* **Task statement**: The records are to be copied exactly and in full.

[Dataset content — start]

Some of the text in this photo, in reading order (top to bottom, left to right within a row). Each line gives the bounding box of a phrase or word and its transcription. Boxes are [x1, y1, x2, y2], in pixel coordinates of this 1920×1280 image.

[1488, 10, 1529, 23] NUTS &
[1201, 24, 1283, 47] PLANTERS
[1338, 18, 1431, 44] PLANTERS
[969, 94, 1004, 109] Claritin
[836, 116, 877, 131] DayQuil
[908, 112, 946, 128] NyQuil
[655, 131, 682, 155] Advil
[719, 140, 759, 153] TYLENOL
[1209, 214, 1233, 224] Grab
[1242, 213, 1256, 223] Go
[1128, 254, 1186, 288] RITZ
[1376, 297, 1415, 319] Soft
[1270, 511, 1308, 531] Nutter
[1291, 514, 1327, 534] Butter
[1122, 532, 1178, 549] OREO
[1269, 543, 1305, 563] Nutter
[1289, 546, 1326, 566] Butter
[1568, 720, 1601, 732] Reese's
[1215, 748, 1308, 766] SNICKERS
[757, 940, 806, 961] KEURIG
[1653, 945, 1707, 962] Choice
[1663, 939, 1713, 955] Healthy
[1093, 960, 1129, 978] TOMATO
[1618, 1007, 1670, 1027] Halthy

[Dataset content — finish]

* **Result below**:
Some of the text in this photo, in reading order (top to bottom, left to right within a row). Each line gives the bounding box of a phrase or word and its transcription. Boxes are [x1, y1, x2, y2], in pixel coordinates of this 1920×1280 image.

[1488, 10, 1529, 23] NUTS &
[1201, 24, 1283, 47] PLANTERS
[1338, 18, 1431, 44] PLANTERS
[969, 94, 1004, 109] Claritin
[836, 116, 877, 131] DayQuil
[908, 112, 946, 128] NyQuil
[655, 131, 682, 155] Advil
[719, 140, 759, 153] TYLENOL
[1209, 214, 1233, 224] Grab
[1242, 213, 1256, 223] Go
[1128, 254, 1186, 288] RITZ
[1376, 297, 1415, 319] Soft
[1270, 511, 1308, 531] Nutter
[1291, 514, 1327, 534] Butter
[1122, 532, 1178, 549] OREO
[1269, 543, 1305, 563] Nutter
[1289, 546, 1326, 566] Butter
[1568, 720, 1601, 732] Reese's
[1215, 748, 1308, 766] SNICKERS
[757, 940, 806, 961] KEURIG
[1653, 945, 1707, 962] Choice
[1663, 939, 1713, 955] Healthy
[1093, 960, 1129, 978] TOMATO
[1618, 1007, 1670, 1027] Halthy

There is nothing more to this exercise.